-- Exercise prompt --
Once the line holding "this 1600×968 image." is found in the listing below, write it out and each later line exactly, up to and including the one holding "this 1600×800 image.".

-- Given data --
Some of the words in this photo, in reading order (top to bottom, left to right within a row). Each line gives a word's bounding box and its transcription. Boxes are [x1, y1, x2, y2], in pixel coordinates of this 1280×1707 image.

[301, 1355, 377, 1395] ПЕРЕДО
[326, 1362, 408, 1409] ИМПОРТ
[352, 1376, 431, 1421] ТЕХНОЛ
---
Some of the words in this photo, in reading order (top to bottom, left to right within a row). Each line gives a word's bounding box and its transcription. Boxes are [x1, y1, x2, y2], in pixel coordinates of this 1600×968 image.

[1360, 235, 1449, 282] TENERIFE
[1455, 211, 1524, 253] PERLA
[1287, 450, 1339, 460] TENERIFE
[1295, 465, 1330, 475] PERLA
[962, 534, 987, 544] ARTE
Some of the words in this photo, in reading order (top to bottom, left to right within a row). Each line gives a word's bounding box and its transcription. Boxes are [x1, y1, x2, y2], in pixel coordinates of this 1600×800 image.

-- Result for this exercise --
Some of the words in this photo, in reading order (top to bottom, left to right within a row). Each line gives a word's bounding box and its transcription. Boxes are [x1, y1, x2, y2], in pixel coordinates of this 1600×968 image.

[1360, 235, 1449, 282] TENERIFE
[1455, 211, 1524, 253] PERLA
[1287, 450, 1339, 460] TENERIFE
[1295, 465, 1330, 475] PERLA
[962, 534, 987, 544] ARTE
Some of the words in this photo, in reading order (top to bottom, left to right within a row). Each line gives a word's bounding box and its transcription. Boxes are [x1, y1, x2, y2], in pixel coordinates of this 1600×800 image.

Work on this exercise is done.